Wednesday, July 31, 2019


OUT OF THIS WORLD WEDNESDAY
The Voyage Begins


Silver Sausage Spazeship

Imploding planet

Great Jewel Of Neprotonicus 11




It seems like a billion zep-years since we last spied in on Gary and Rosie, our two intrepid Glirkazoid super-E.Ts, who have just started the countdown to zoom the shining Silver Sausage spazeship to Neprotonicus 11, before it implodes at any given moment, and get the Great Jewel Of Neprotonicus 11 off that doomed planet before it's too late!! 
Rosie
Gary














Rosie - "10...9...8..."




Gary - "Wait! Rosie, did you bring my eyeball warmers on board? You know it get's VERY cold on Neprotonicus 11, and my protruding eyeballs tend to chafe in the harsh winds."




Rosie - " Gary! Seriously!! You stop our countdown to ask about "EYEBALL WARMERS?!!" The billions of inhabitants of Neprotonicus 11, who are, as we speak, zooming over to Neprotonicus 12, will not survive if we don't bring the Great Jewel Of Neprotonicus 11 to Neprotonicus 12, so they can have power for air, lighting their homes, warmth, and microwaving their pizzas!!"



Gary - "Sorry.
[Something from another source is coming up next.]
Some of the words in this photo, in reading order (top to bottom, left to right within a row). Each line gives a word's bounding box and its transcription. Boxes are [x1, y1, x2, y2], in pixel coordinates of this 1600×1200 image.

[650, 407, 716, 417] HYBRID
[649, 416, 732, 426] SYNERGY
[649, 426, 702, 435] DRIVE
Go ahead and start the countdown again."

Rosie - "Very well. 10...9...8...7..."

Gary - "But, DID you bring the eyeball warmers? It's difficult for me to..."

Rosie - "YES!! YES!!!! I brought the eyeball warmers, you big nag!!! I don't know how you see in those things, anyway!!!"

Gary - "I cut holes in them, where my eyes are!"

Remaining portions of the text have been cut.